After seven largely successful years in charge of France’s AS Monaco, Arsene Wenger had certified his reputation as one of the most promising young managers in football.
He’d led Monaco to the Ligue 1 title in 1988 and a Coupe de France triumph in 1991. They’d also reached the semi-finals of the Champions League in 1994, leading to interest from Bayern Munich and Werder Bremen in the managerial services of Wenger.
He'd built his reputation as an astute, multilingual and forward-thinking coach who was capable of building and nurturing young squads.
However, after being dismissed following a poor start to the 1994/95 season, Wenger shocked everyone by joining Japanese J.League side Nagoya Grampus Eight in January of 1995.
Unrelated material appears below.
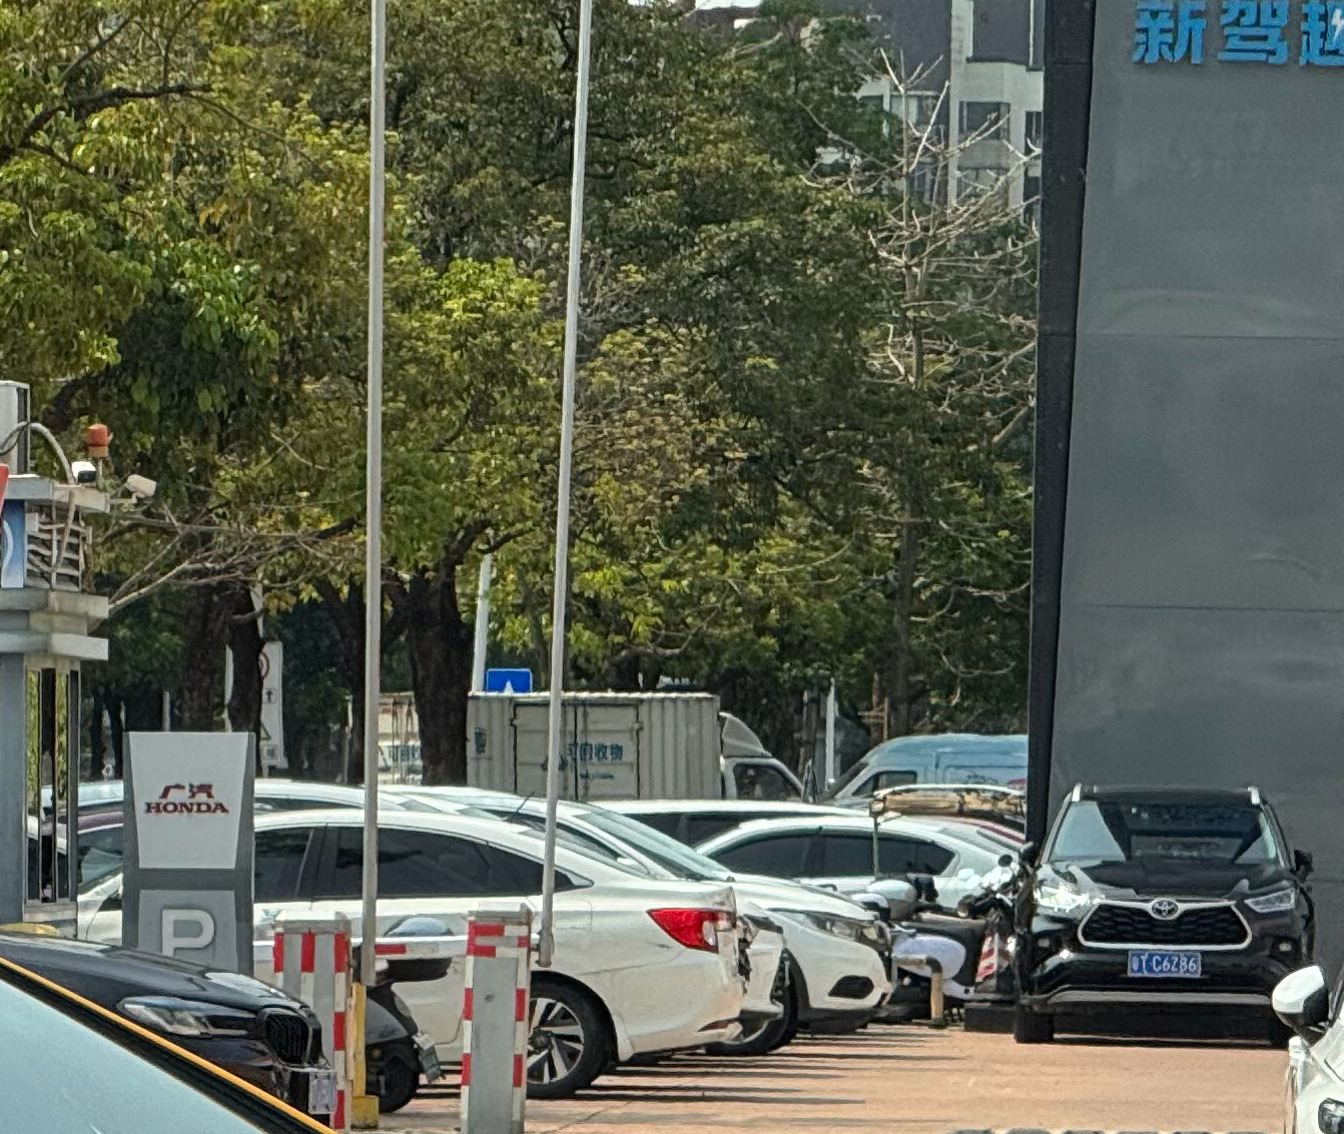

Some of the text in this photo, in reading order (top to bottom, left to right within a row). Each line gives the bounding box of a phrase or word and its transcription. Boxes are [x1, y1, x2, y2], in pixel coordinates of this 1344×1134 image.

A 45-year-old coach who’d led his team to the semi-final of the European Cup was forsaking interest from top European clubs to move to a league that was barely two years old.
The Japanese J.League kicked off in 1993 with only 10 clubs. The vision behind the league’s formation was, in part, to help Japan land their bid for the 2002 World Cup.
While sumo wrestling, baseball and golf had traditionally dominated the Japanese sporting landscape, investment from major Japanese companies had enticed the likes of Gary Lineker, Dragan Stojkovic and Zico to Japan.
For Wenger, the opportunity to challenge himself and learn in a completely foreign environment, if only for a year or two, was too great an experience to pass up.
Wenger stayed at Nagoya Grampus for 18 months between 1995 and 1996, and his influence there still resonates. The club went from the bottom of the table to being Emperor’s Cup champions in his first season. He received the J.League Manager of the Year award and led them to their best-ever league finish, second — a mark which would stand until 2010.
As British academic Dr Christopher Hood says in the novel The Professor: Arséne Wenger, “If there’s ever been a case proving how important a manager is, then Arsene Wenger’s time at Nagoya Grampus is it, because he went in there and he didn’t really change the playing squad a great deal but turned their fortunes round overnight almost.”
According to some, Wenger’s time in Japan gave him back his faith in soccer. After Marseille’s match fixing scandals had attributed to his desire to quit French football back in 1994, Wenger was rejuvenated in Japan.
“It was a welcome change in my life, a fantastic experience,” says Wenger. “It’s something that changed me profoundly as well. The vision I have of life changed in Japan.”
Unworried by relegation, which didn’t exist at that time in Japan, Wenger was able to concentrate on the freedom of “avoiding humiliation”, something Nagoya had struggled with previously.
“I realized that football was what I enjoyed; the rest was just people’s opinions. So since I came back with Arsenal I take the same approach. I concentrate on the football, on training the team. I can be happy doing that.”
Learning to let go while also devoting himself entirely to his work as a coach, the 18 months were mutually beneficial for both Japanese football and Wenger: Wenger left an indelible mark on Japanese football while the country profoundly affected him.